Icon Sport

ÉLECTIONS FFR - Les raffûts et débordements de la campagne

Les raffûts et débordements de la campagne pour la présidence de la FFR
Par AFP

Le 01/12/2016 à 16:59

ÉLECTIONS FFR - Piques entre candidats et comparaisons plus ou moins douteuses, batailles juridiques et affaires sorties de terre : la campagne pour l'élection à la présidence de la Fédération française de rugby (FFR), samedi, s'est parfois déroulée à la limite du hors-jeu.

  • "Corée du Nord" et "bande de charlots"

Bernard Laporte a lancé les hostilités en déclarant en novembre 2015, quelques mois après son entrée en campagne, ne pas vouloir que la Fédération soit la "Corée du Nord du sport français". Il souhaite y "insuffler un vent de démocratie". Son directeur de campagne Serge Simon a également usé d'une analogie avec un système totalitaire communiste en affirmant, après l'assemblée générale de la FFR le 2 juillet, avoir "affaire à un appareil stalinien des années 50".
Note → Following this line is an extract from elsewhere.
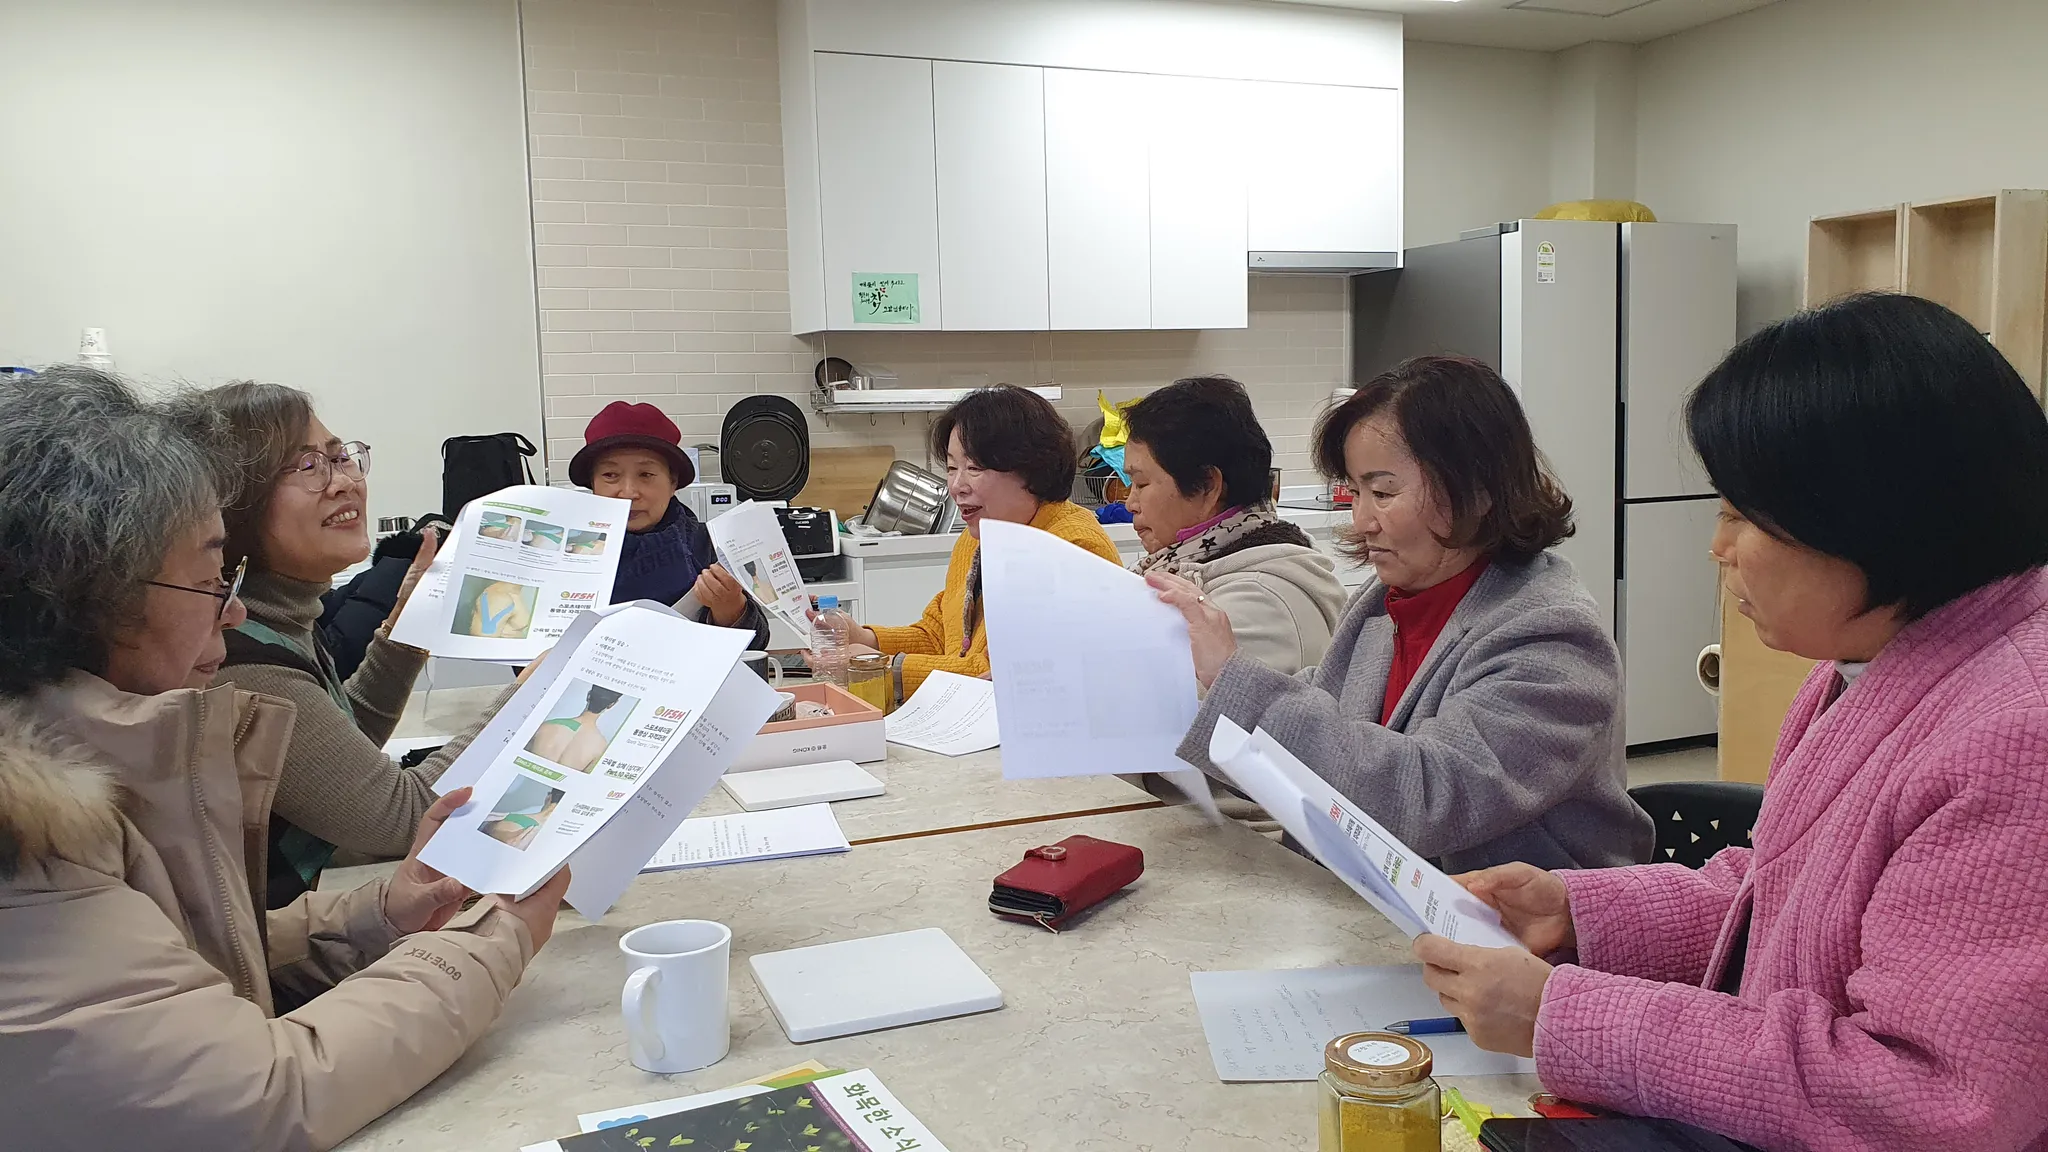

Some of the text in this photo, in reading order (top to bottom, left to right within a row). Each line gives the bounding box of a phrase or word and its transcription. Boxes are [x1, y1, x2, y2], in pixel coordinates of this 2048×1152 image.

Longtemps silencieux, Pierre Camou et ses soutiens ont lâché leurs coups à l'approche de l'échéance. Comme l'ancien international Michel Palmié, qui qualifiait, dans L'Equipe le 18 novembre, l'environnement de Laporte de "bande de charlots", composée "d'affairistes". Le président sortant est lui-même ensuite sorti de sa réserve, estimant que Laporte, sans cependant le citer, promouvait "les valeurs de l'argent". "Je n'arrive pas du monde politique, donc des méthodes que je n'aurais pas espéré trouver dans le monde du sport me surprennent, me dépassent", a-t-il ajouté.

Pierre Camou au Congrès de la FFR - 2 juillet 2016

Pierre Camou au Congrès de la FFR - 2 juillet 2016AFP

  • Accusations de pressions

Camou a ensuite développé sa pensée : Je ne fais pas pression sur les gens, je n'appelle pas les uns et les autres sur leur téléphone privé. L'un de ses soutiens, le président du comité du Centre André Prigent, a affirmé début novembre à Midi Olympique que Bernard Laporte l'aurait menacé de "représailles", en cas de victoire, s'il prenait position.

Laporte a lui aussi accusé, fin septembre dans Le Figaro, Pierre Camou d'avoir usé des mêmes méthodes : "Quand Pierre Camou appelle un président (de club) de Côte Basque qui nous a donné procuration en lui disant qu'il n'oubliera pas, ne pardonnera pas, mais il se prend pour qui ?"

Bernard Laporte

Bernard Laporte AFP

  • Batailles juridiques

La campagne s'est aussi déroulée par avocats interposés. Soutien de Camou, le président du comité de Paris, Peter McNaughton, a porté plainte pour diffamation envers Laporte après que celui-ci eut affirmé qu'il y avait eu "fraude" et "triche" lors de l'élection à la présidence du comité, en septembre.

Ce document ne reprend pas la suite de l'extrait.